■ Data supplied ■
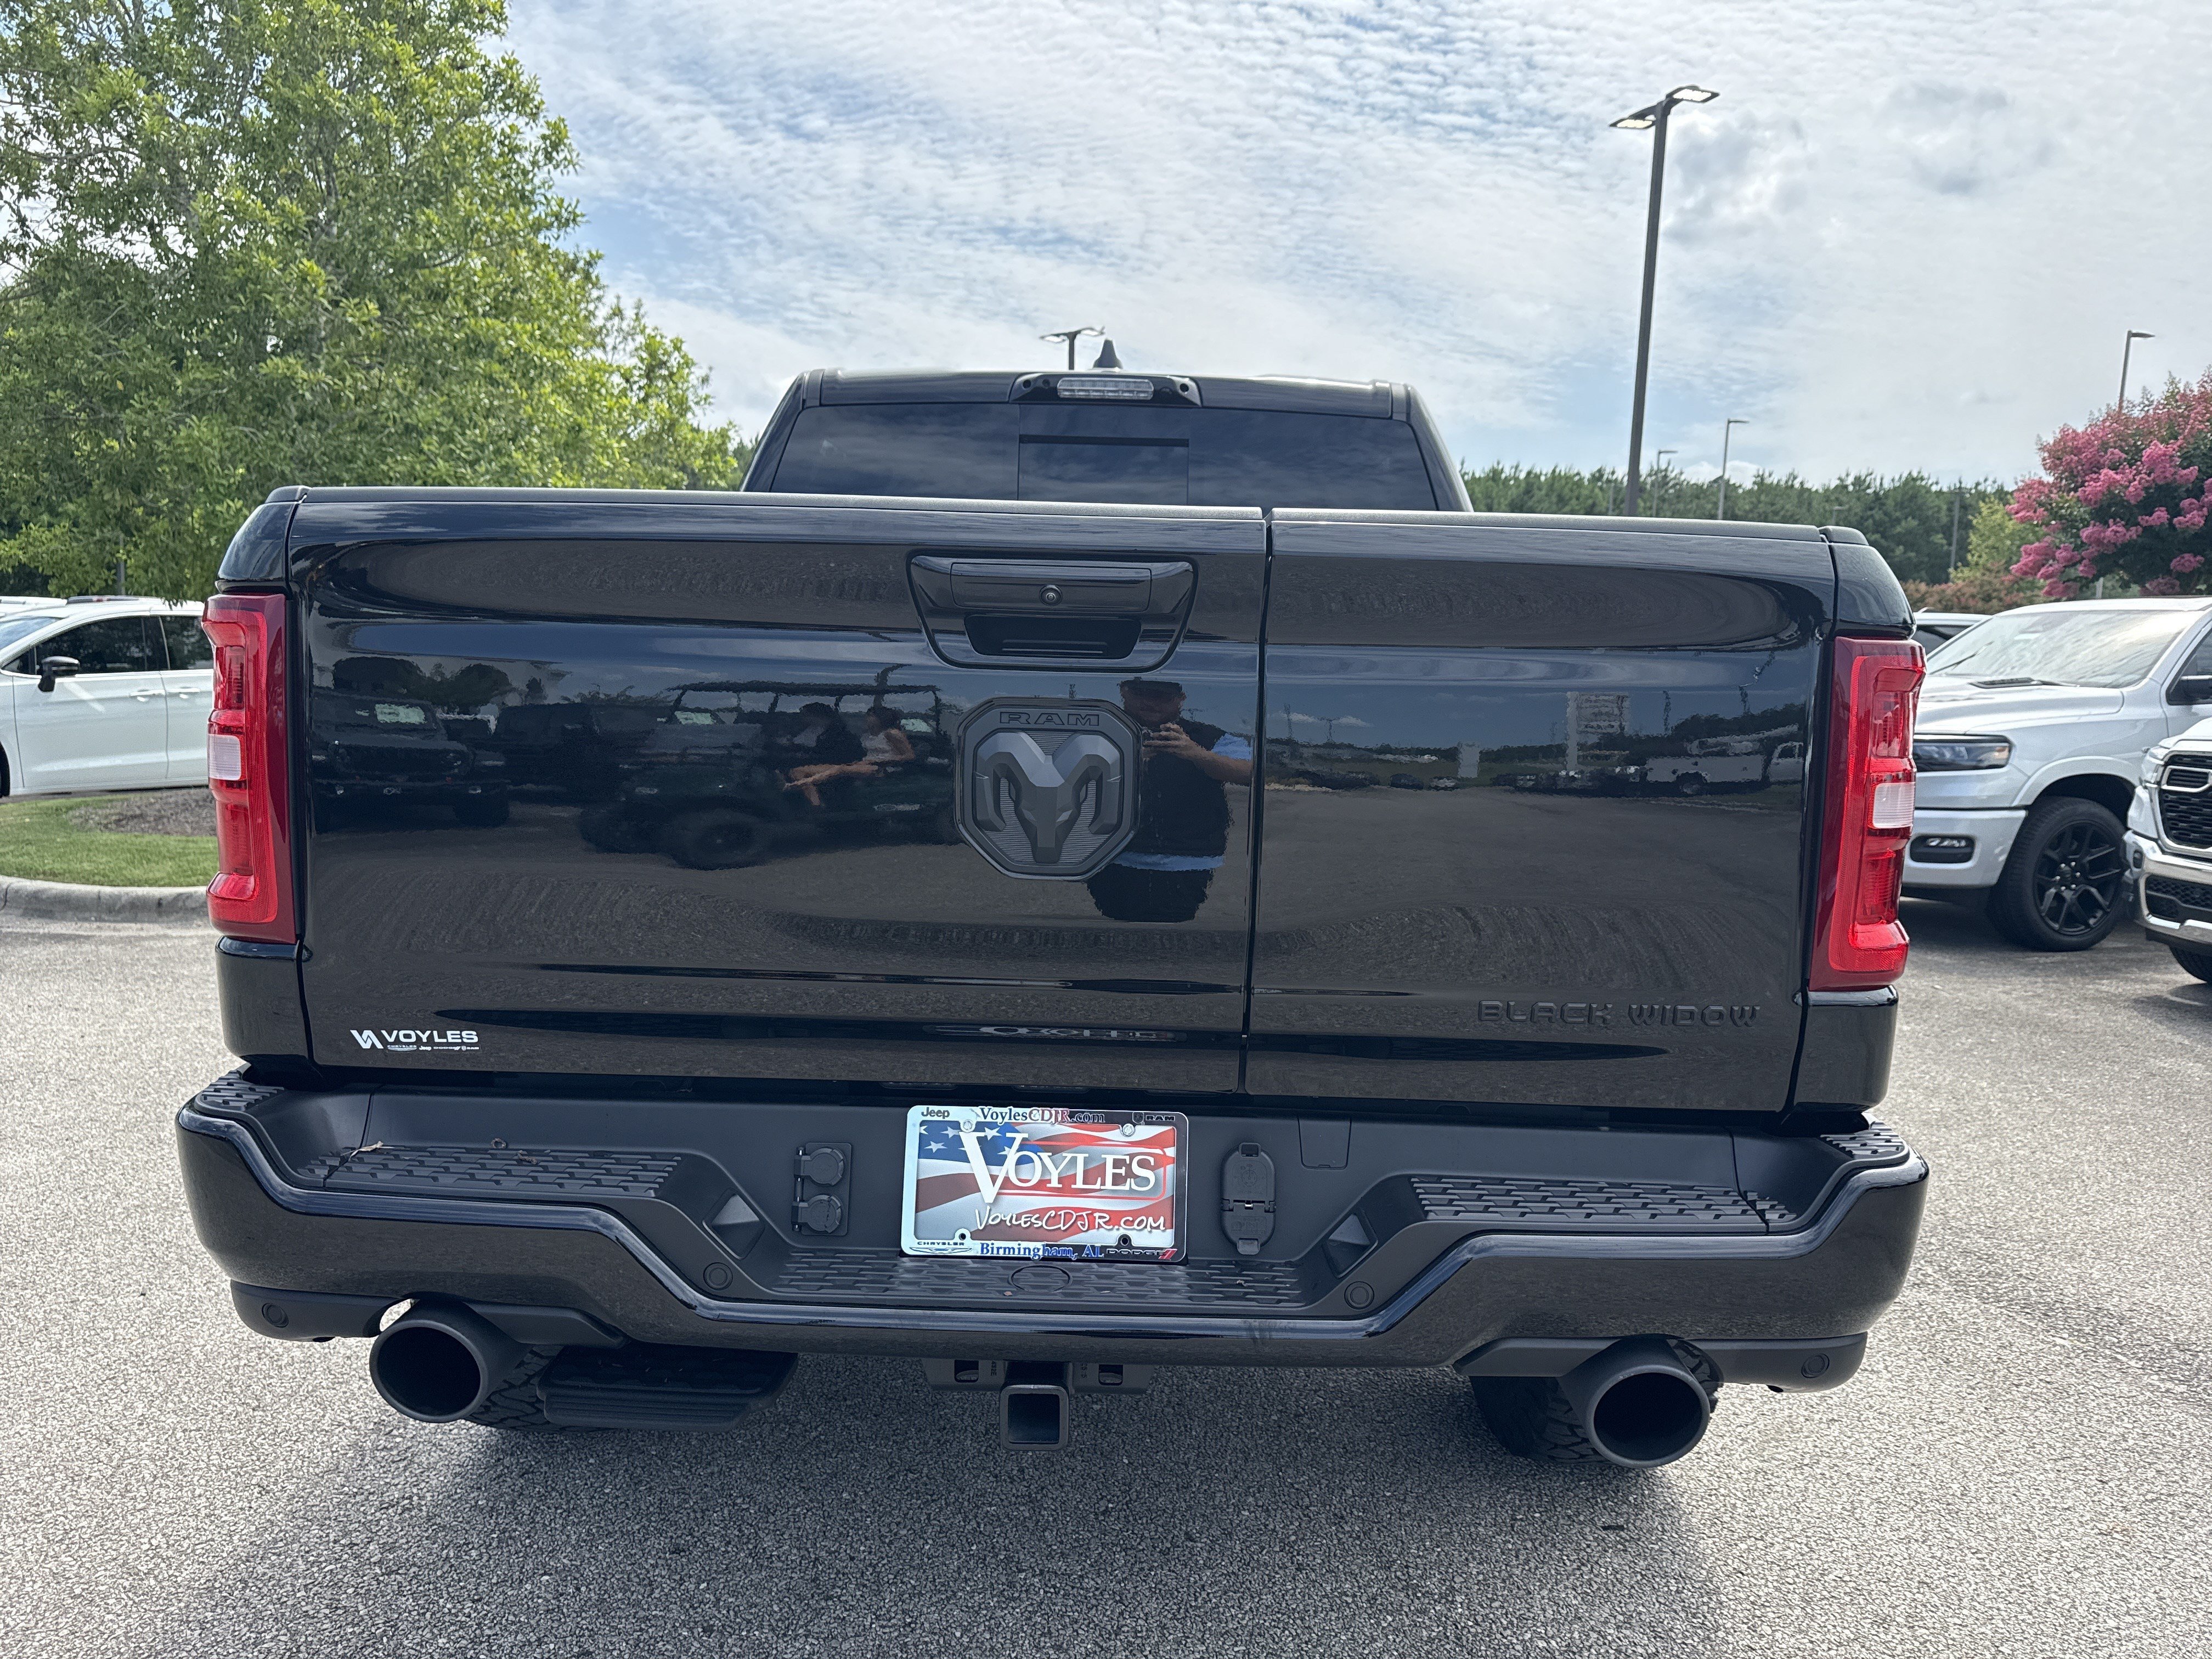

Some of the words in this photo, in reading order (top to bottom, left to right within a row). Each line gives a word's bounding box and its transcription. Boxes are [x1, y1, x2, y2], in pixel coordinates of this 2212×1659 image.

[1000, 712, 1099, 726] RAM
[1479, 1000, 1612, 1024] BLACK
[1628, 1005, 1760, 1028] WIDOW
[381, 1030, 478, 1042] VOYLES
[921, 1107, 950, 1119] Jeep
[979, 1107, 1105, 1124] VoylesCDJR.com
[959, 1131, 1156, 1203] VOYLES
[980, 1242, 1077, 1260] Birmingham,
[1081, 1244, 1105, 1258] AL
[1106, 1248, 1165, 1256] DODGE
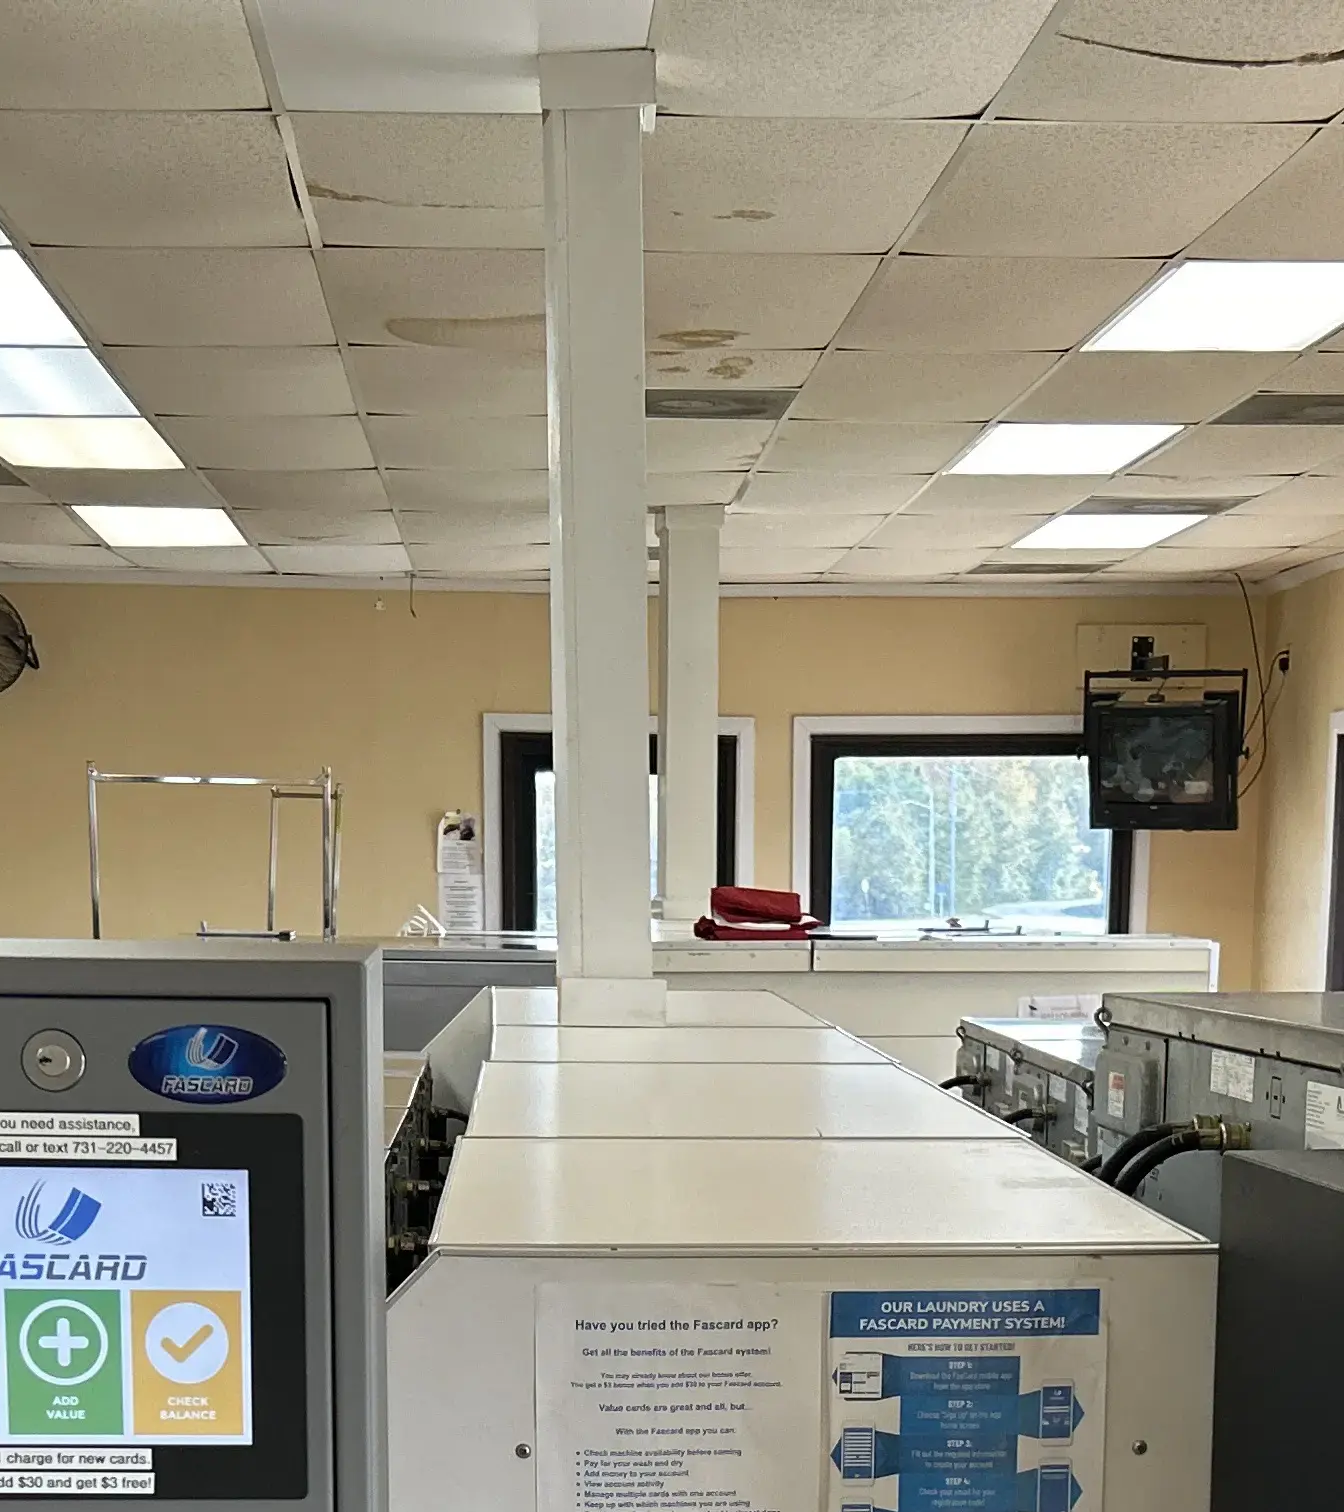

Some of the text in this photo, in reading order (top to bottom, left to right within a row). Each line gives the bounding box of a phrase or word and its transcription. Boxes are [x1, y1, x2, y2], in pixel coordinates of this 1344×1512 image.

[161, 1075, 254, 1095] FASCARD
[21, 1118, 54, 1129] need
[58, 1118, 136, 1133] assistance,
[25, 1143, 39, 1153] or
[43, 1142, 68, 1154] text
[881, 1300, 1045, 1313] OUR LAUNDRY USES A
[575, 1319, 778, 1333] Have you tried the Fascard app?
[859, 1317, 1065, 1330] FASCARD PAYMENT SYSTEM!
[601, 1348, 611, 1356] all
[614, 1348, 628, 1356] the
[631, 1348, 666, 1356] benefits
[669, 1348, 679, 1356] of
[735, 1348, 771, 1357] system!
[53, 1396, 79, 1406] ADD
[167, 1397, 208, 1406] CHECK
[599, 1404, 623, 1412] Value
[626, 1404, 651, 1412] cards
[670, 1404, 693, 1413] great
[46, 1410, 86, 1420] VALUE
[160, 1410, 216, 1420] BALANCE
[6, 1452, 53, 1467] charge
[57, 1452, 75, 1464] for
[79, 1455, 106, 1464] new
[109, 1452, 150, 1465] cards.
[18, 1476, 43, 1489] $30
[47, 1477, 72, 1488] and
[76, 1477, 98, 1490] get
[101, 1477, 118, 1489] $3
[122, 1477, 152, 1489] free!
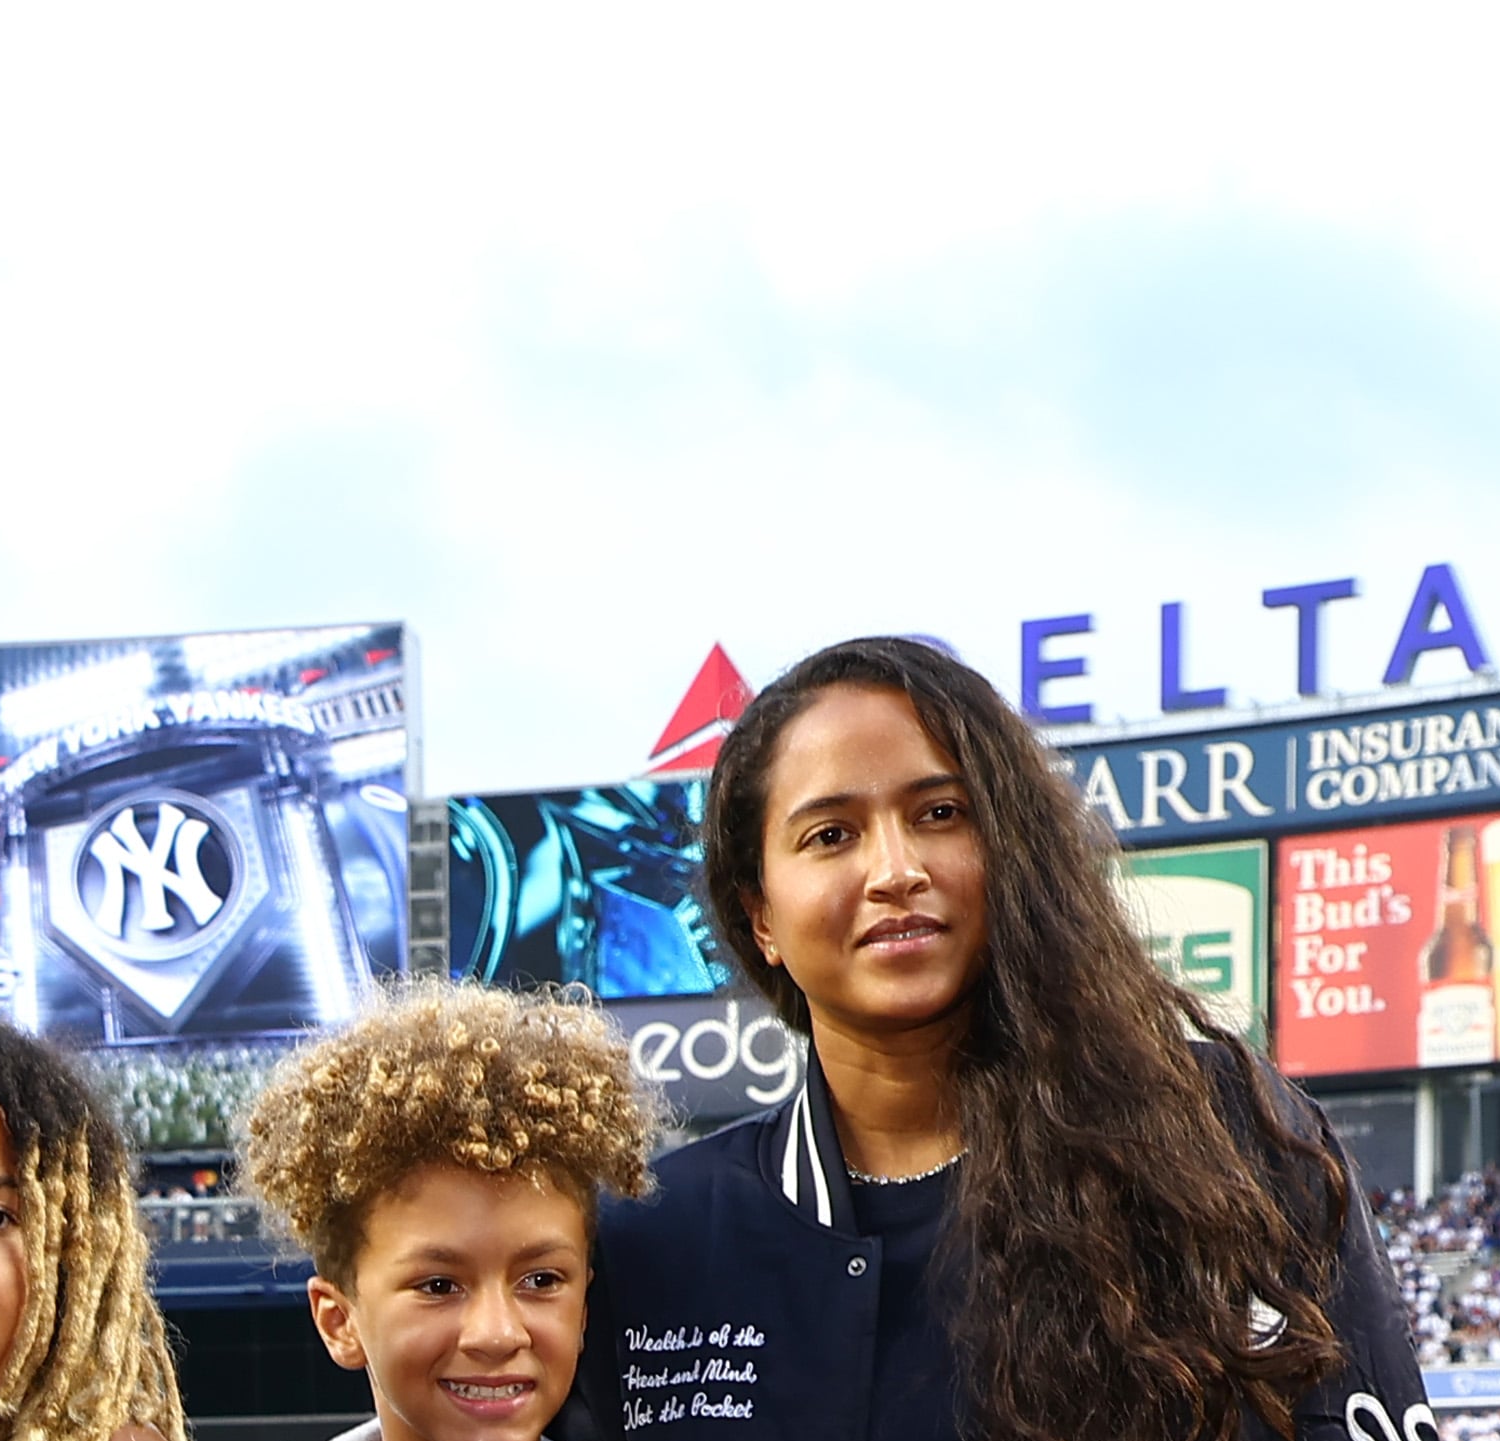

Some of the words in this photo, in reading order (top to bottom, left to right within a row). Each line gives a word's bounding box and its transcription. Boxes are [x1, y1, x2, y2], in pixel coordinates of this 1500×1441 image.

■ Exercise details ■
Output exactly the lines from the one containing "Some of the text" through the last line of the records above, both included, leaving out any pictures.

■ Completed task ■
Some of the text in this photo, in reading order (top to bottom, left to right within a row). Each line gives the bounding box of a phrase or word and its transcription. Boxes are [x1, y1, x2, y2], in pixel coordinates of this 1344×1512 image.

[161, 1075, 254, 1095] FASCARD
[21, 1118, 54, 1129] need
[58, 1118, 136, 1133] assistance,
[25, 1143, 39, 1153] or
[43, 1142, 68, 1154] text
[881, 1300, 1045, 1313] OUR LAUNDRY USES A
[575, 1319, 778, 1333] Have you tried the Fascard app?
[859, 1317, 1065, 1330] FASCARD PAYMENT SYSTEM!
[601, 1348, 611, 1356] all
[614, 1348, 628, 1356] the
[631, 1348, 666, 1356] benefits
[669, 1348, 679, 1356] of
[735, 1348, 771, 1357] system!
[53, 1396, 79, 1406] ADD
[167, 1397, 208, 1406] CHECK
[599, 1404, 623, 1412] Value
[626, 1404, 651, 1412] cards
[670, 1404, 693, 1413] great
[46, 1410, 86, 1420] VALUE
[160, 1410, 216, 1420] BALANCE
[6, 1452, 53, 1467] charge
[57, 1452, 75, 1464] for
[79, 1455, 106, 1464] new
[109, 1452, 150, 1465] cards.
[18, 1476, 43, 1489] $30
[47, 1477, 72, 1488] and
[76, 1477, 98, 1490] get
[101, 1477, 118, 1489] $3
[122, 1477, 152, 1489] free!

Some of the words in this photo, in reading order (top to bottom, left to right within a row). Each line gives a word's bounding box and its transcription. Boxes are [x1, y1, x2, y2], in pixel coordinates of this 1500×1441 image.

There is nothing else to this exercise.